After completion of your practical course, you are required to create and submit two (2) session plans through your Online Learning Portal.  Instructions, including your prescribed scenarios, and additional resources to help you design your session plans are available through the Learning Portal.

Click here to begin. 

 

Session Plan Assignment

Select two scenarios from the options below. 

Scenario 1

Your first session plan should be designed for a group of 15 K-1 students (4-6 years of age). The purpose of the session is to introduce them to the Fundamental Movement Skills of run, jump and throw. Expect none of the participants to have taken part in a session previously. 

One student is in a wheelchair. Using the DEP activity cards to assist your answer, choose a selection of activities suitable to ensure that they can also take part in the session.

Session 2

The Head Coach at your local athletics club is taking a high intensity training session with the older athletes preparing for a State competition and has asked you to look after the younger athletes for the 45 minute session.

You have 30 athletes ranging from 5 to 10 years of age. Design a session plan that develops the fundamental movement skills of the athletes, considering activities that allow for a large number of participants to be active at one time and will cater for the different development levels and abilities of the athletes.

Session 3

You have been invited to a Year 7 Physical Education class to improve the fundamental movement skills of the students. Design a 60 minute session that is suitable for this age group using the Athletics Fundamentals video series to indicate the skill points that you will be focusing on. Your session should include running, jumping and throwing. 

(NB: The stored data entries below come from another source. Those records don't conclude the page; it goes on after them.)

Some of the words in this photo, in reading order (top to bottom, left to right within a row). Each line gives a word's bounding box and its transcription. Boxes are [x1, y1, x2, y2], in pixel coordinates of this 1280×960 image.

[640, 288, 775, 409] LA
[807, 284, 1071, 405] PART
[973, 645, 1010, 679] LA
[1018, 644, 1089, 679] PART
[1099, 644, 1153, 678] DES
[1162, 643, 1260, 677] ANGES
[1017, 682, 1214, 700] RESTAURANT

Two participants are actively involved in athletics, consider an extension that remains within your scope of practice as a Level 1 Community Athletics Coach. 

 

Example Session Plans

The following session plans have been submitted by coaches who have successfully completed their Level 1 Community Athletics Coach accreditation and agreed to share their session plans. 

These scenarios are the intellectual property of their designers and shared with their permission. 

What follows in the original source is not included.